Heute rufe ich den Rechtspfleger ein zweites Mal an. Er verbittet sich meine ständigen Anrufe. Ich sei nicht der Einzige, um den er sich kümmern müsse. Auch schreiben solle ich ihm nicht mehr. Ich mache ihm klar, dass er so mit mir nicht umspringen kann.

Darauf teilt er mir mit, dass er einen Beschluss zur Auslagenerstattung gefasst habe, der sei auf dem Postweg zu mir. Der Beschluss müsse erst rechtskräftig werden, bevor ich mein Geld bekäme. Heißt: Weiteres wochenlanges Warten. Wo aber steht in der Mitteilung vom 13. Oktober 2014 etwas über einen Beschluss, der noch gefasst werden muss? Soll ich das dem Wilhelmshavener Amtsgericht noch einmal auf Deutsch erklären?

Als ich dem Rechtspfleger dann auch noch mitteile, dass ich seit fast acht Wochen auf das schriftliche Urteil in einer anderen Sache warte, wird er plötzlich nett. Er lässt sich das Aktenzeichen geben, am Montag soll ich ihn noch einmal anrufen. Wenn er mir dann sagt, dass es keiner weiteren Stellungnahme von mir bedürfe, schlösse sich der Kreis der merkwürdigen Vorkommnisse.  Die würde ich ihm dann auf Deutsch erklären...

Das Zahlungswunder

27. Oktober 2014. Freitag protestiere ich ein zweites Mal beim Amtsgerichtsdirektor, Samstag bekomme ich den Beschluss zur Auslagenerstattung, der in 14 Tagen rechtskräftig wird, heute telefoniere ich noch einmal mit dem Rechtspfleger, der mir berichtet, dass meine Akte im Vorzimmer des Amtsgerichtsdirektors sei, zwei Stunden später ist das Geld auf meinem Konto. Und das Urteil in der anderen Sache? Das muss wohl noch geschrieben werden...

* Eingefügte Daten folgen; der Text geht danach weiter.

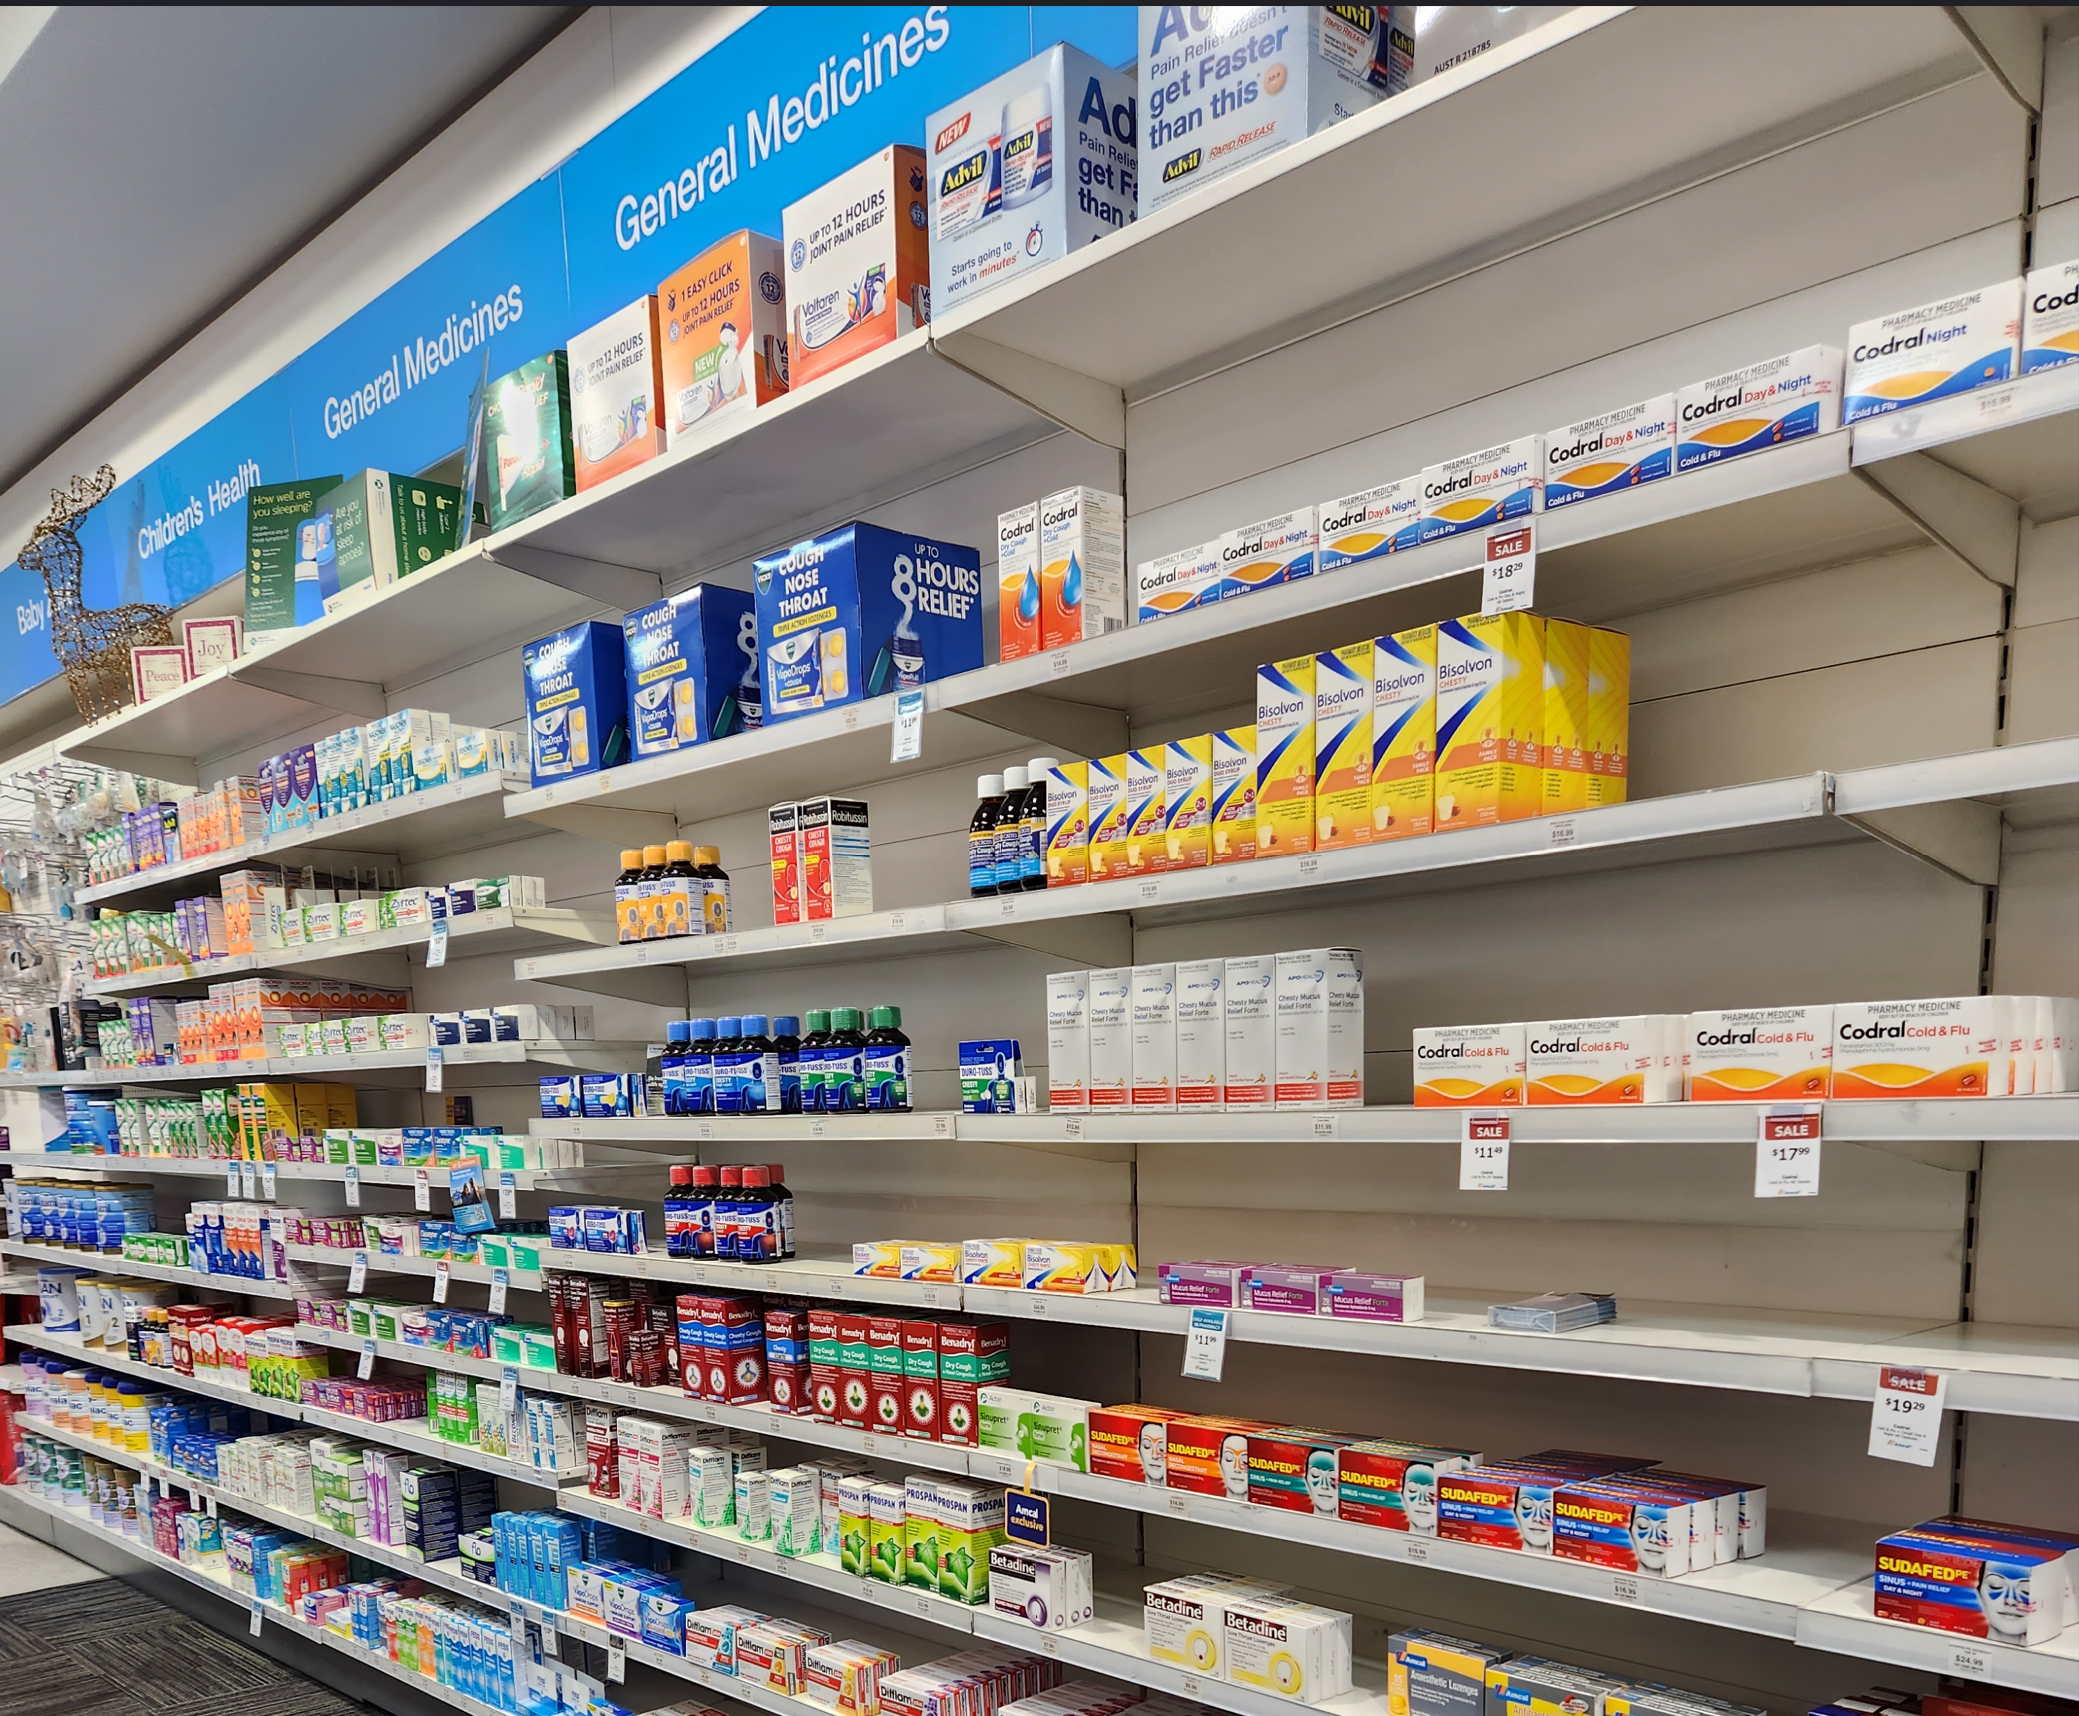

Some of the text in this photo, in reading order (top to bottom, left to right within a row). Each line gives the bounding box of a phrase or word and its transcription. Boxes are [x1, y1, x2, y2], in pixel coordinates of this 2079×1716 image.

[1151, 55, 1180, 80] Pain
[1434, 40, 1491, 75] AUST R 218785
[1150, 70, 1190, 119] get
[1199, 25, 1289, 89] Faster
[1149, 80, 1258, 150] than this
[615, 5, 949, 250] General Medicines
[938, 117, 967, 150] NEW
[1164, 121, 1276, 181] Advil RAPID RELEASE
[944, 154, 984, 194] Advil
[809, 189, 885, 245] UP TO 12 HOURS
[809, 239, 833, 264] JOINT
[834, 228, 854, 249] PAIN
[951, 240, 1012, 276] Starts going to
[681, 261, 733, 302] 1 EASY CLICK
[947, 276, 968, 293] work
[970, 271, 977, 282] in
[682, 279, 740, 322] UP TO 12 HOURS
[801, 290, 840, 318] Voltaren
[682, 322, 699, 338] JOINT
[699, 312, 713, 328] PAIN
[1854, 324, 1967, 363] Codral Night
[324, 284, 522, 439] General Medicines
[694, 356, 714, 373] NEW
[1705, 356, 1790, 391] PHARMACY MEDICINE
[1682, 387, 1743, 421] Codral
[1778, 374, 1811, 393] Night
[1680, 449, 1721, 468] Cold & Flu
[253, 490, 311, 505] How well are
[138, 459, 261, 559] Children's Health
[253, 501, 313, 519] you sleeping?
[335, 499, 360, 519] Are you
[1043, 502, 1078, 527] Codral
[336, 510, 362, 536] at risk of
[1043, 522, 1070, 537] Dry Cough
[337, 532, 354, 550] sleep
[915, 543, 939, 558] UP TO
[1495, 541, 1522, 556] SALE
[338, 541, 365, 567] apnoea?
[779, 545, 824, 576] COUGH
[757, 572, 772, 583] VICKS
[785, 568, 819, 595] NOSE
[916, 558, 979, 595] HOURS
[779, 587, 828, 618] THROAT
[16, 599, 44, 635] Baby
[777, 609, 832, 633] TRIPLE ACTION LOZENGES
[198, 639, 225, 660] Joy
[146, 669, 180, 682] Peace
[1439, 656, 1492, 680] Bisolvon
[1439, 677, 1467, 688] CHESTY
[1214, 756, 1247, 771] Bisolvon
[1224, 767, 1240, 775] SYRUP
[832, 810, 867, 824] Robitussin
[1278, 994, 1298, 1002] Chesty
[1278, 1002, 1293, 1010] Relief
[1868, 1001, 1961, 1014] PHARMACY MEDICINE
[1839, 1020, 1970, 1040] Codral Cold & Flu
[1477, 1127, 1502, 1137] SALE
[1775, 1124, 1809, 1137] SALE
[1334, 1295, 1389, 1307] Mucus Relief Forte
[941, 1336, 975, 1352] Benadryl
[945, 1359, 972, 1372] Dry Cough
[1890, 1375, 1926, 1391] SALE
[1168, 1442, 1208, 1458] SUDAFED
[1168, 1456, 1185, 1464] NASAL
[1168, 1462, 1208, 1474] DECONGESTANT
[404, 1478, 414, 1495] flo
[938, 1497, 967, 1514] PROSPAN
[1016, 1504, 1038, 1518] Amcal
[1011, 1516, 1044, 1533] exclusive
[990, 1552, 1035, 1575] Betadine
[1879, 1556, 1956, 1581] SUDAFED
[1879, 1575, 1906, 1586] SINUS
[1928, 1584, 1951, 1593] RELIEF
[1883, 1585, 1896, 1593] DAY
[1903, 1587, 1923, 1597] NIGHT
[1146, 1592, 1202, 1619] Betadine
[1405, 1657, 1426, 1667] Amcal
[1956, 1655, 1983, 1666] $24.99
[1410, 1669, 1447, 1688] Anaesthetic
[1448, 1681, 1479, 1697] Lozenges

Amtsgerichtsdirektor entschuldigt sich

30. Oktober 2014. Heute hat sich der Direktor des Wilhelmshavener Amtsgerichtes persönlich bei mir entschuldigt. Der von mir gestellte Kostenantrag sei "tatsächlich längere Zeit unbearbeitet geblieben". Der Grund seien "Personalengpässe und langfristige Krankheitsausfälle".